Marine entrou no grande quarto segurando-a pelos braços com violência.

A porta fechou-se bruscamente após Marine cerrar os olhos.

— Quem você pensa que é para invadir o meu quarto? — inquiriu, mirando-a nos olhos com fúria.

Movendo-se de forma rápida, Marine a agarrou pelo pescoço empurrando-a até a parede com agilidade. O barulho da cabeça e costa de Taylor chocando-se contra a parede ressoou pelo espaço.

— Eu sei que você instigou a Congregação inteira contra mim.

— Do que você está falando? — Movia-se tentando se libertar.

— Não se faça de idiota, pois estou sem paciência — bradou Marine com raiva, apertando ainda mais os dedos e a sufocando. — Por quê? O que eu te fiz? É pelo William? É pelo o quê? O que você quer?

— Não quero nada, não consigo respirar!

— E vai ficar sem respirar para sempre se não me contar o que você quer comigo! — A puxou para si e a arremeteu novamente contra a parede. — Fala agora!

Então Marine a olhou com mais atenção.
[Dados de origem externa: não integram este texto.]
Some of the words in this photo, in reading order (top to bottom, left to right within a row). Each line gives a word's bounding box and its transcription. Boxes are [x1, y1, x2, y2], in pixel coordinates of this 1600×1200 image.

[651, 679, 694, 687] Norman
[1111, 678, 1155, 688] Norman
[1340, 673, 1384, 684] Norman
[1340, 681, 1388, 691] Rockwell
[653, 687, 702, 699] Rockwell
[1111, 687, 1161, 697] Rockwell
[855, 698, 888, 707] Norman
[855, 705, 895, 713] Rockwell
Aqueles olhos verdes, o rosto, o cabelo vermelho e concluiu automaticamente lembrando-se da mulher que atropelou antes de chegar no Phoenix Park, no dia da evocação de Susan.
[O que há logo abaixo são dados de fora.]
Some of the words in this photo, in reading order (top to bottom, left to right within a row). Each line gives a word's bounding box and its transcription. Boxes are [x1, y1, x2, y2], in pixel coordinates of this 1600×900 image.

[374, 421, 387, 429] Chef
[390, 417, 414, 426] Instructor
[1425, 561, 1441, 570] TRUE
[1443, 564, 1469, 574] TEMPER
— É você! — A soltou, afastando-se para observá-la melhor.

Taylor respirou profundamente e tocou em seu pescoço.

— Sabia que conhecia você de algum lugar — concluiu Marine. — Atropelei você.

Taylor tentou conjurar um feitiço, o qual foi rebatido, projetando-a ao chão bruscamente e machucando seu braço.
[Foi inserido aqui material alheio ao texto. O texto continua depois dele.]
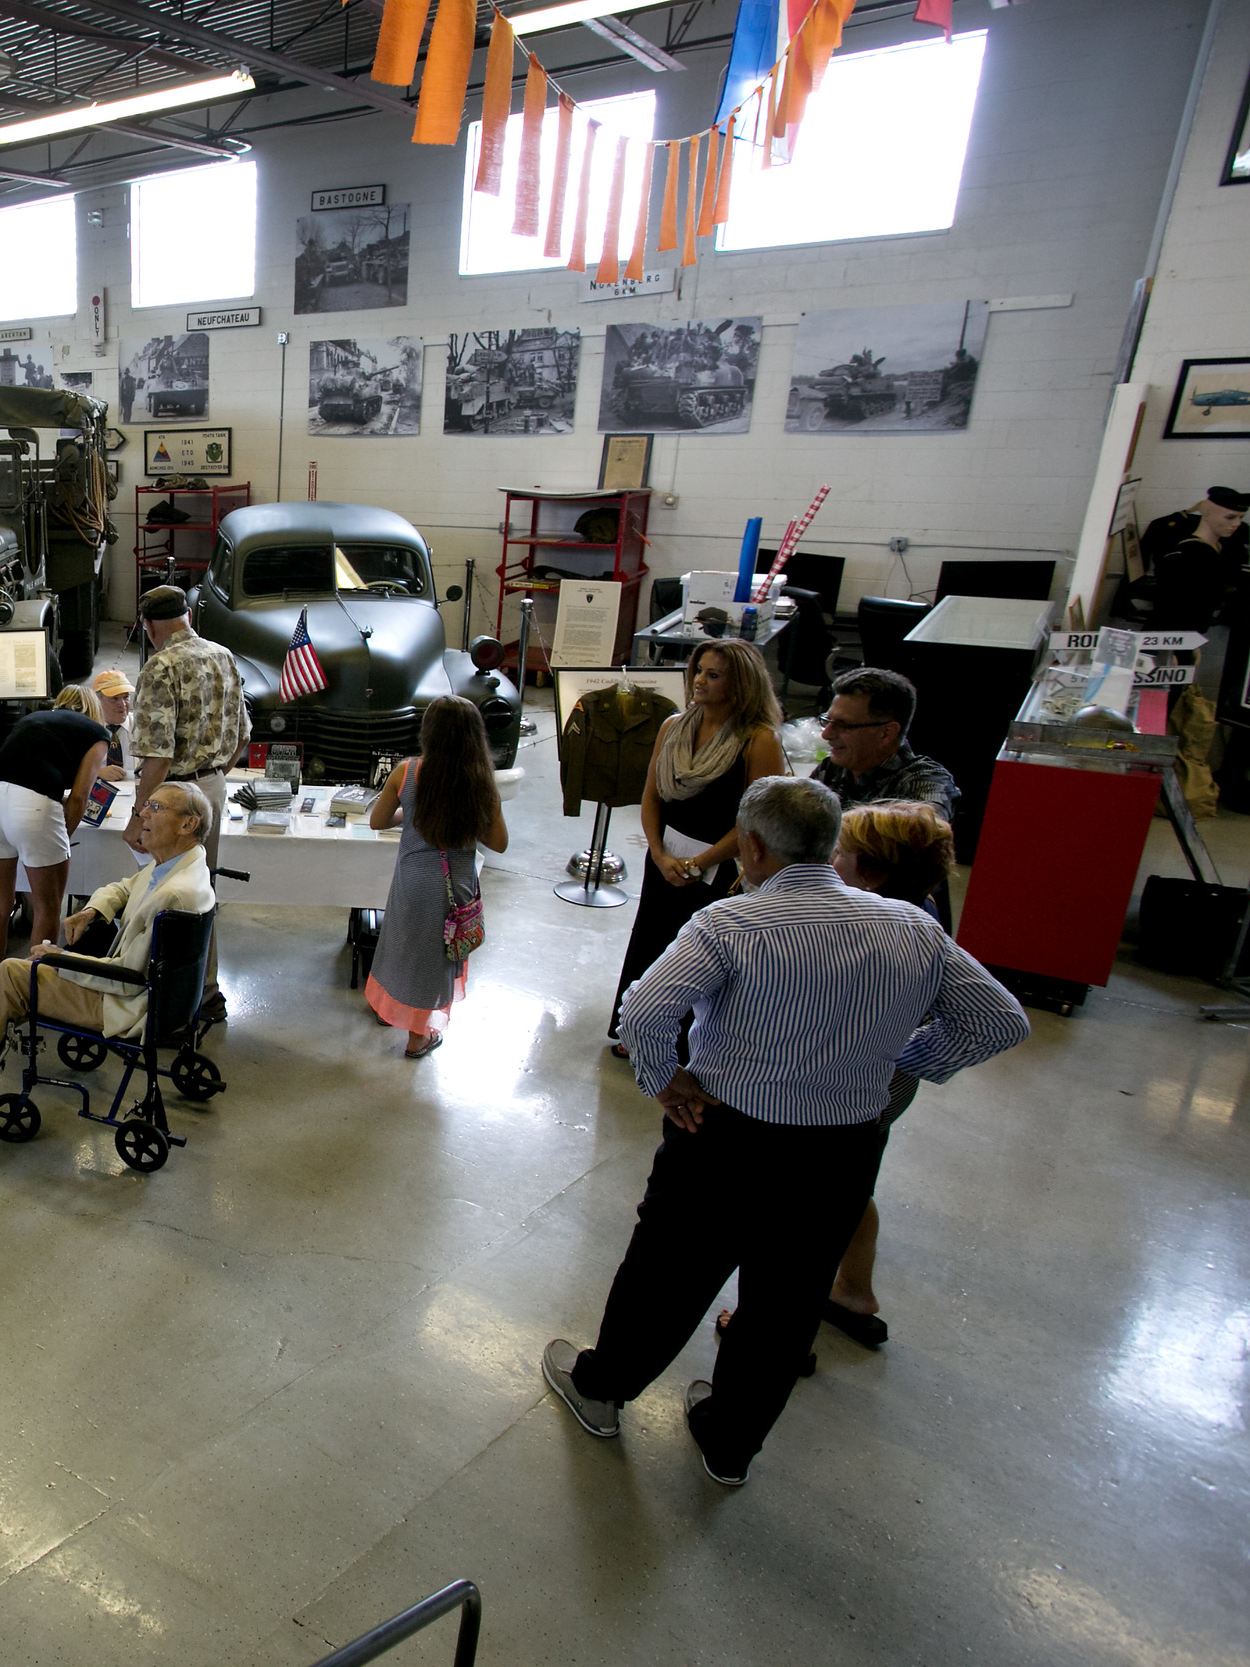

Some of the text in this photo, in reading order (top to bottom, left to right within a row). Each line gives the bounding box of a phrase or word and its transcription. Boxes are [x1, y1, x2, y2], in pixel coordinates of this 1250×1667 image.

[319, 191, 376, 206] BASTOGNE
[197, 313, 250, 326] NEUFCHATEAU
[1143, 636, 1158, 646] 23
[1163, 636, 1183, 646] KM
— Não sei do que você está falando — disse com dificuldade.

— Não se faça de estúpida. — Aproximou-se, observando-a de cima. — É você. O que quer comigo?

Taylor a olhava caída ao chão e fingiu se recordar.

— Realmente, é você. — Colocou o braço próximo ao peito, sentia dor.

Marine pisou em cima do braço e o pressionou com força.

— O que quer comigo? — praticamente soletrou a pergunta.

— Foi um acidente. Uma infeliz coincidência. — Grunhiu lacrimejando.

— Uma das primeiras coisas que aprendi antes de entrar na Congregação foi que não existem coincidências. — A encarava com ódio. — O que você fazia perto do Phoenix Park? Você faz parte das Sombras? É isso, não é? Essa sua obsessão pelo William, afinal ele é aprendiz do guardião supremo.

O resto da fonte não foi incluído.